What is required: With the pictures left out, please return exactly the line holding "this 1764×1176 image." and each following line until the entries end.

Records provided:
================
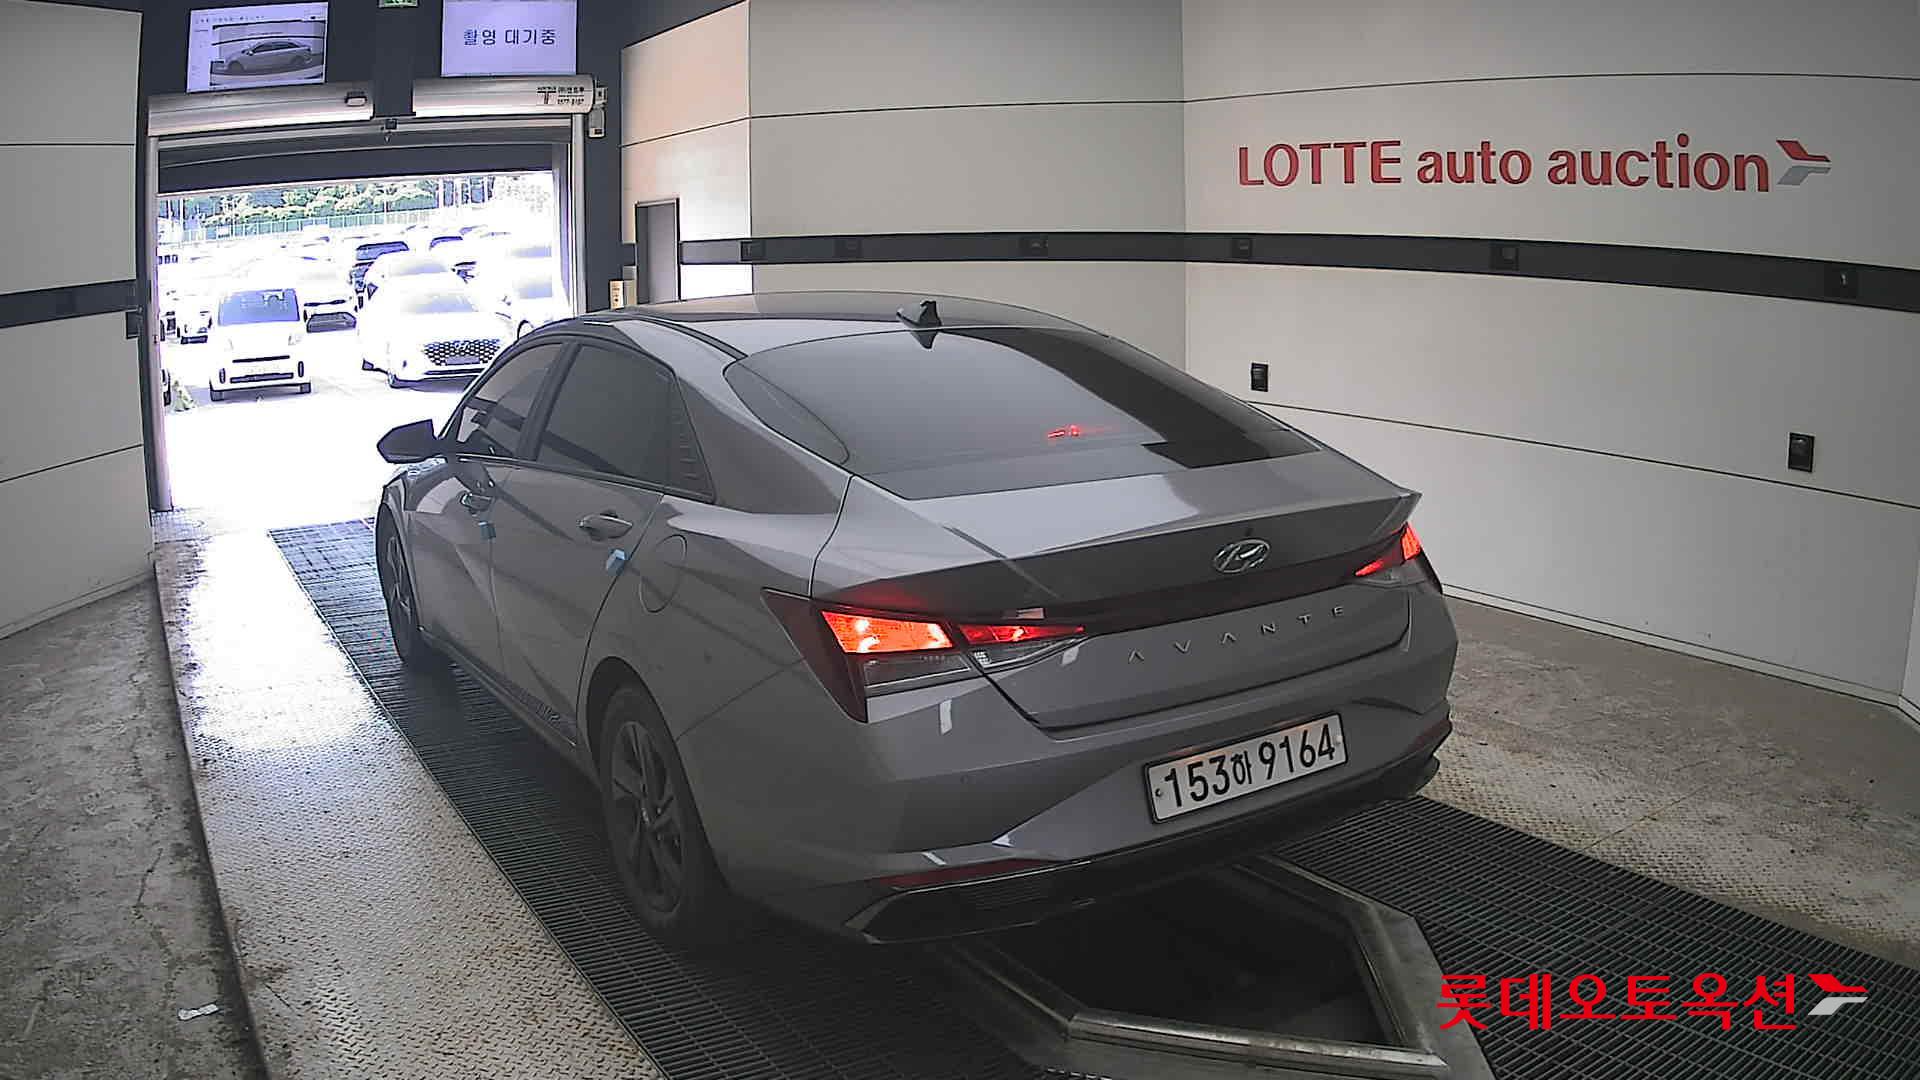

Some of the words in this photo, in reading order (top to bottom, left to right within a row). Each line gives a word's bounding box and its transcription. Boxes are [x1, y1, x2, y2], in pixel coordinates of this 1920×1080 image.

[504, 28, 556, 45] 대기중
[1238, 140, 1401, 187] LOTTE
[1417, 141, 1532, 185] auto
[1547, 132, 1769, 193] auction
[1127, 606, 1344, 664] AVANTE
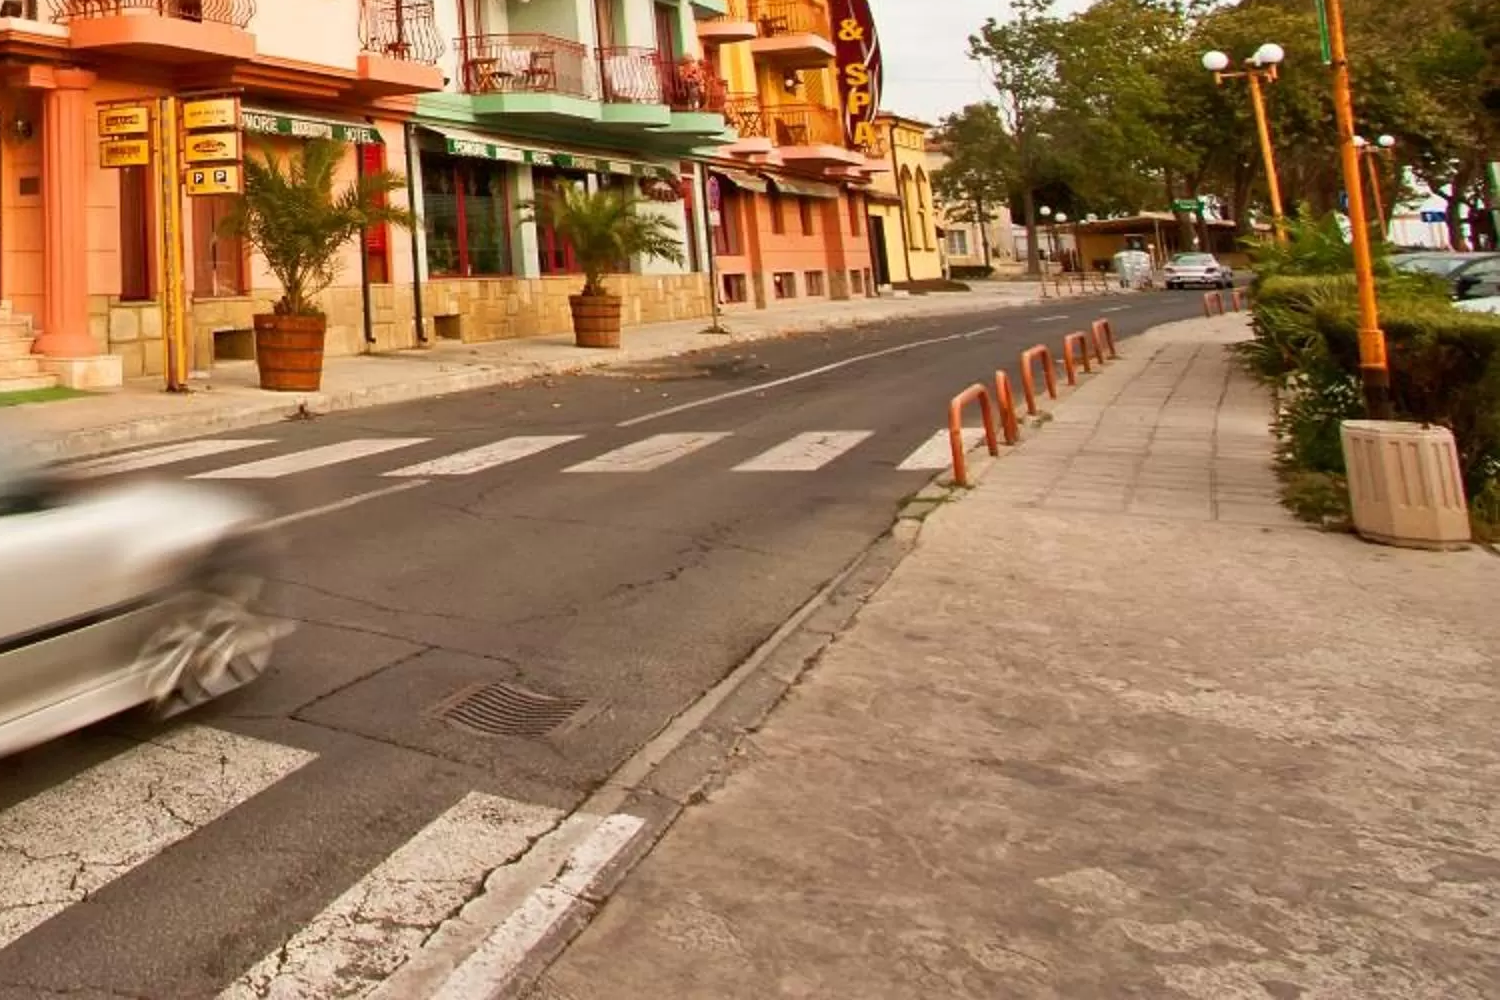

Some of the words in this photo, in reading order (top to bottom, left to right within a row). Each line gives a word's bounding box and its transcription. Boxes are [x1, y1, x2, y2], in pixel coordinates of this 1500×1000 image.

[837, 18, 864, 42] &
[844, 62, 877, 146] SPA
[343, 126, 374, 145] HOTEL
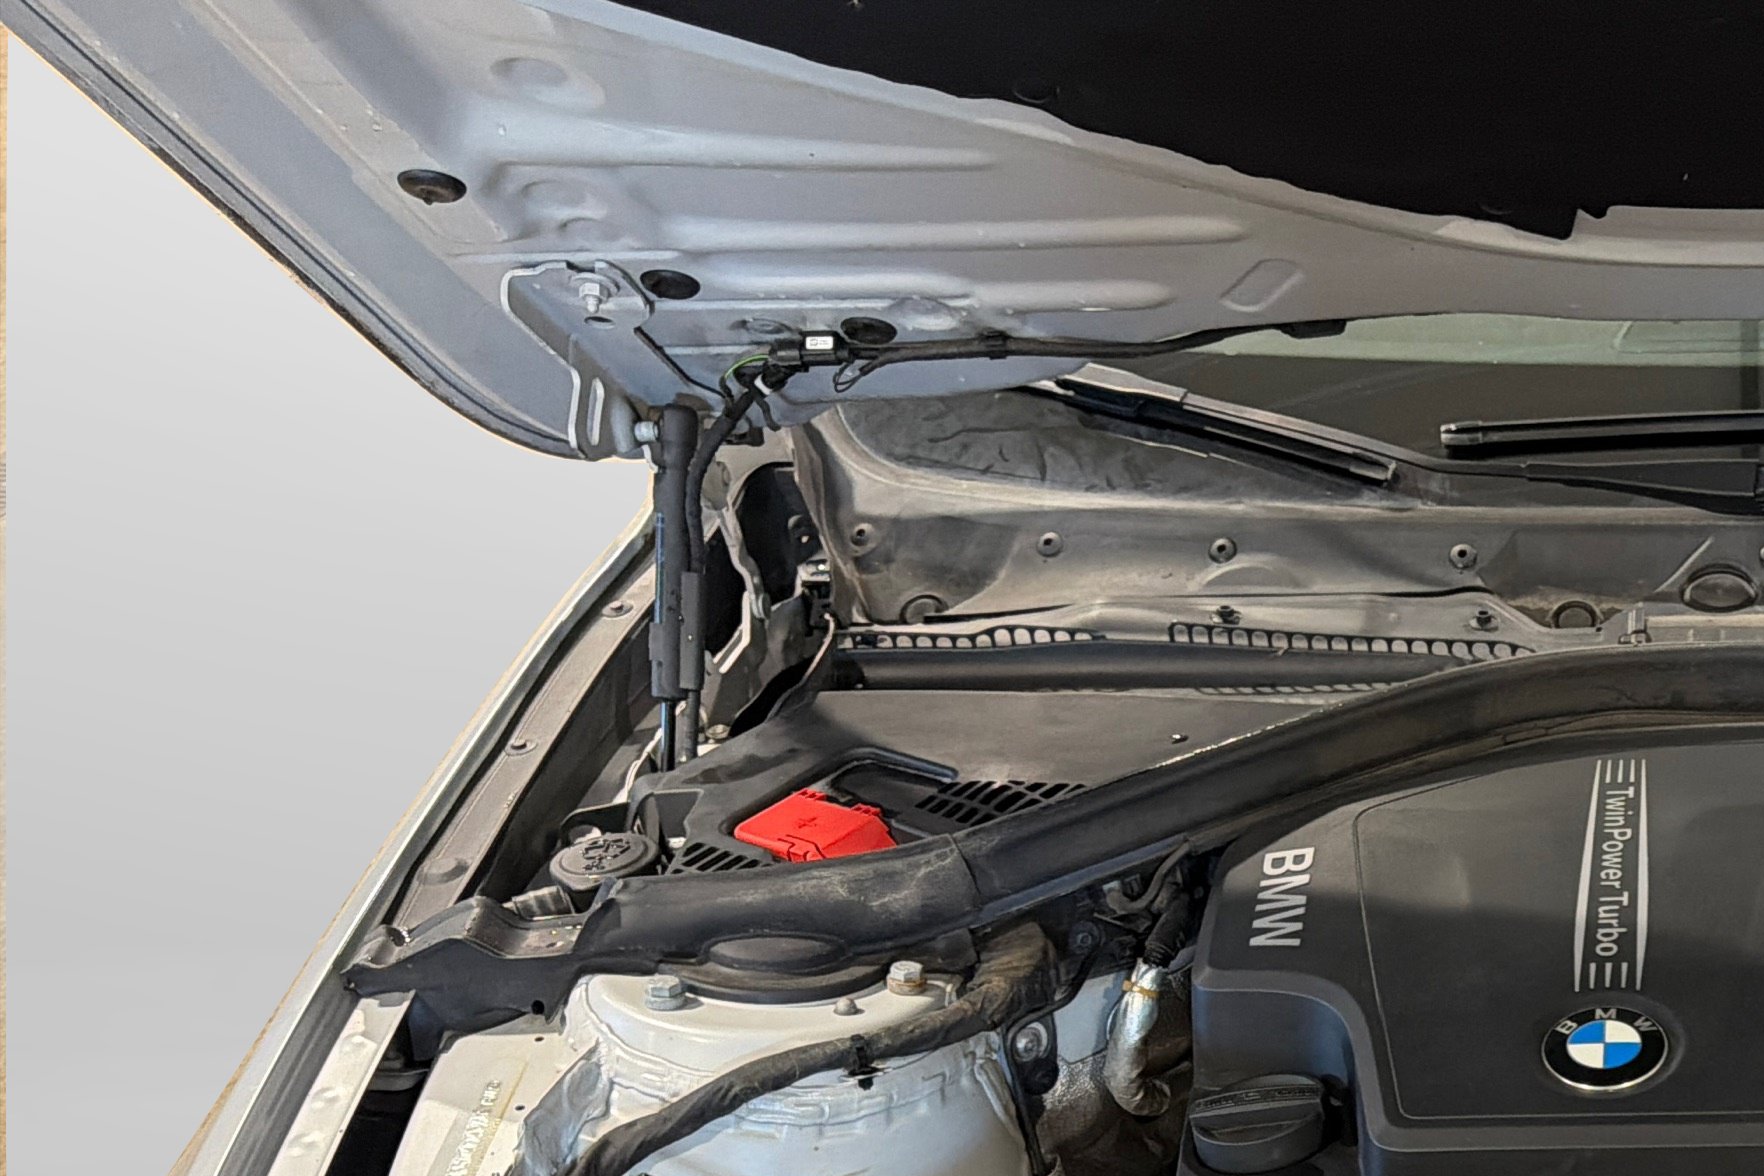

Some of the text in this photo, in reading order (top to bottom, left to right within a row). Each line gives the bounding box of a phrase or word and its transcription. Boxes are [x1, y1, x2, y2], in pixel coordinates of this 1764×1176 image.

[1249, 847, 1315, 947] BMW
[1595, 786, 1635, 957] TwinPower Turbo
[1554, 1008, 1657, 1035] BMW
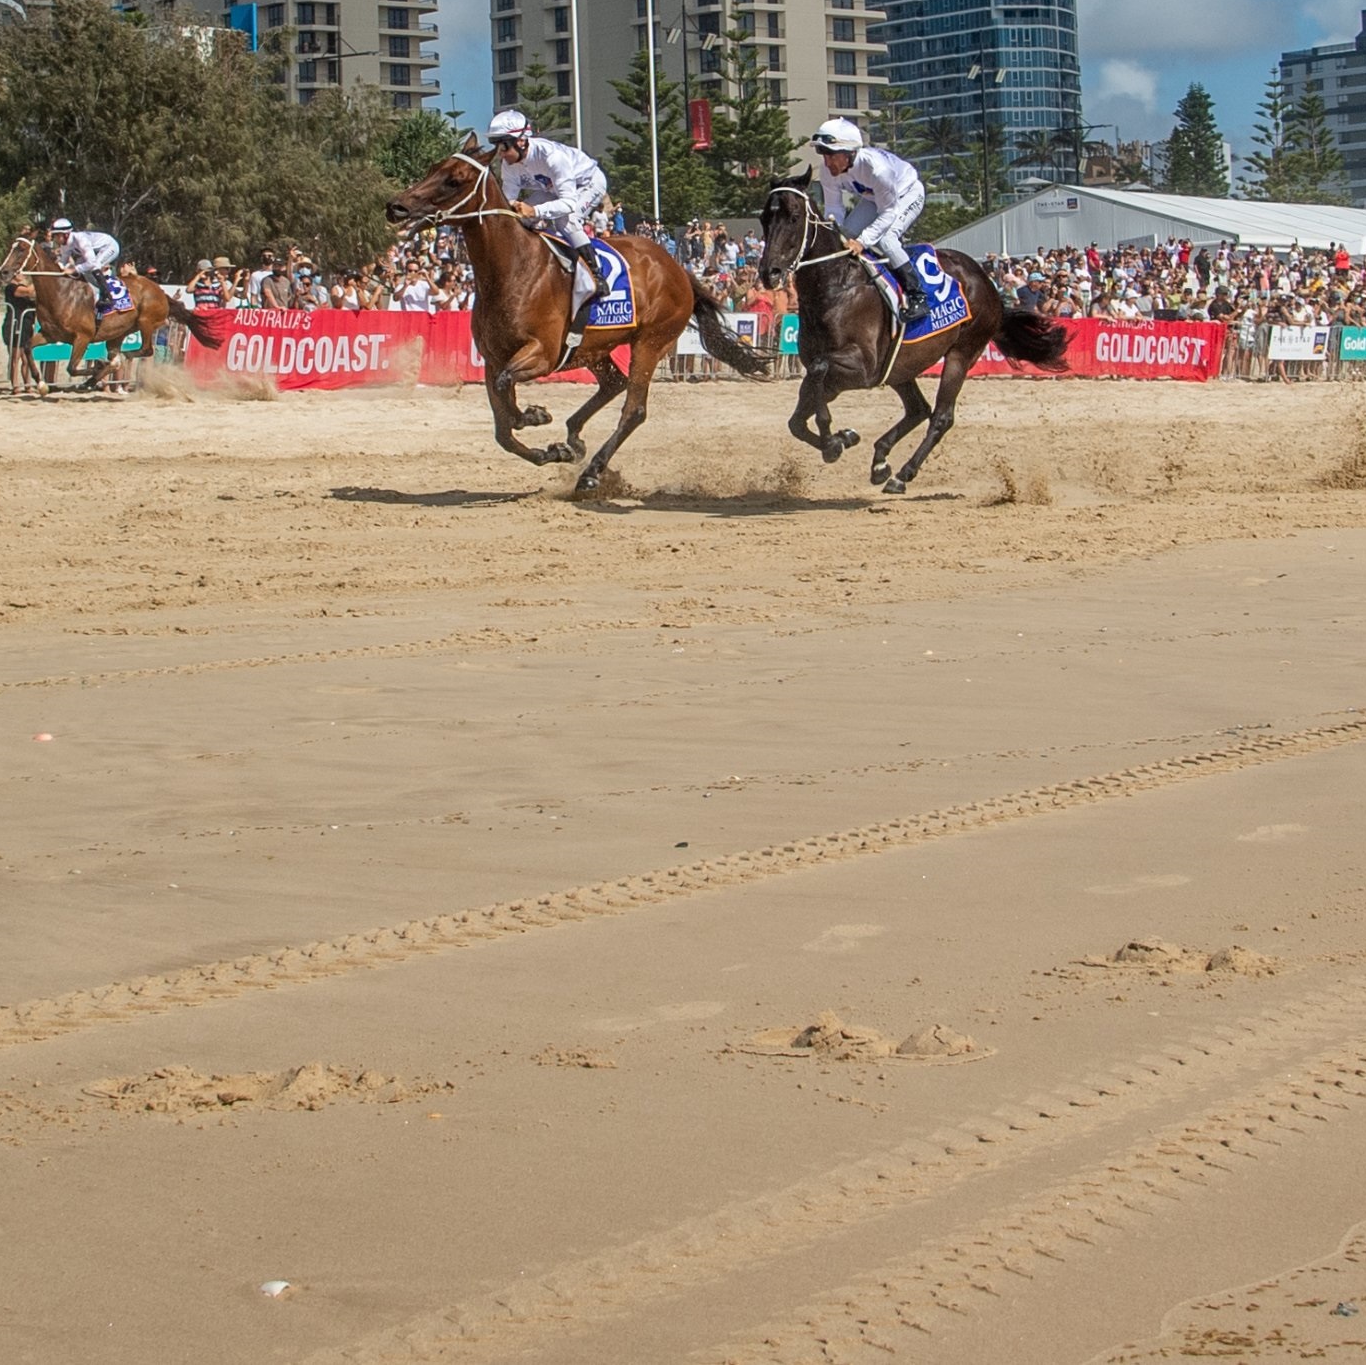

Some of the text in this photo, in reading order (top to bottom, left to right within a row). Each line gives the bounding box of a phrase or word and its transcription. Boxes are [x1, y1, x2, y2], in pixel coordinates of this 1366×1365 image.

[915, 252, 953, 302] 9
[234, 308, 312, 330] AUSTRALIA'S
[930, 296, 965, 322] MAGIC
[1344, 336, 1366, 351] Gold
================
Output for this exercise:
Some of the text in this photo, in reading order (top to bottom, left to right within a row). Each line gives the bounding box of a phrase or word and its transcription. Boxes are [x1, y1, x2, y2], in pixel coordinates of this 1764×1176 image.

[1249, 847, 1315, 947] BMW
[1595, 786, 1635, 957] TwinPower Turbo
[1554, 1008, 1657, 1035] BMW

Some of the text in this photo, in reading order (top to bottom, left to right within a row). Each line gives the bounding box of a phrase or word and its transcription. Boxes are [x1, y1, x2, y2], in pixel coordinates of this 1366×1365 image.

[915, 252, 953, 302] 9
[234, 308, 312, 330] AUSTRALIA'S
[930, 296, 965, 322] MAGIC
[1344, 336, 1366, 351] Gold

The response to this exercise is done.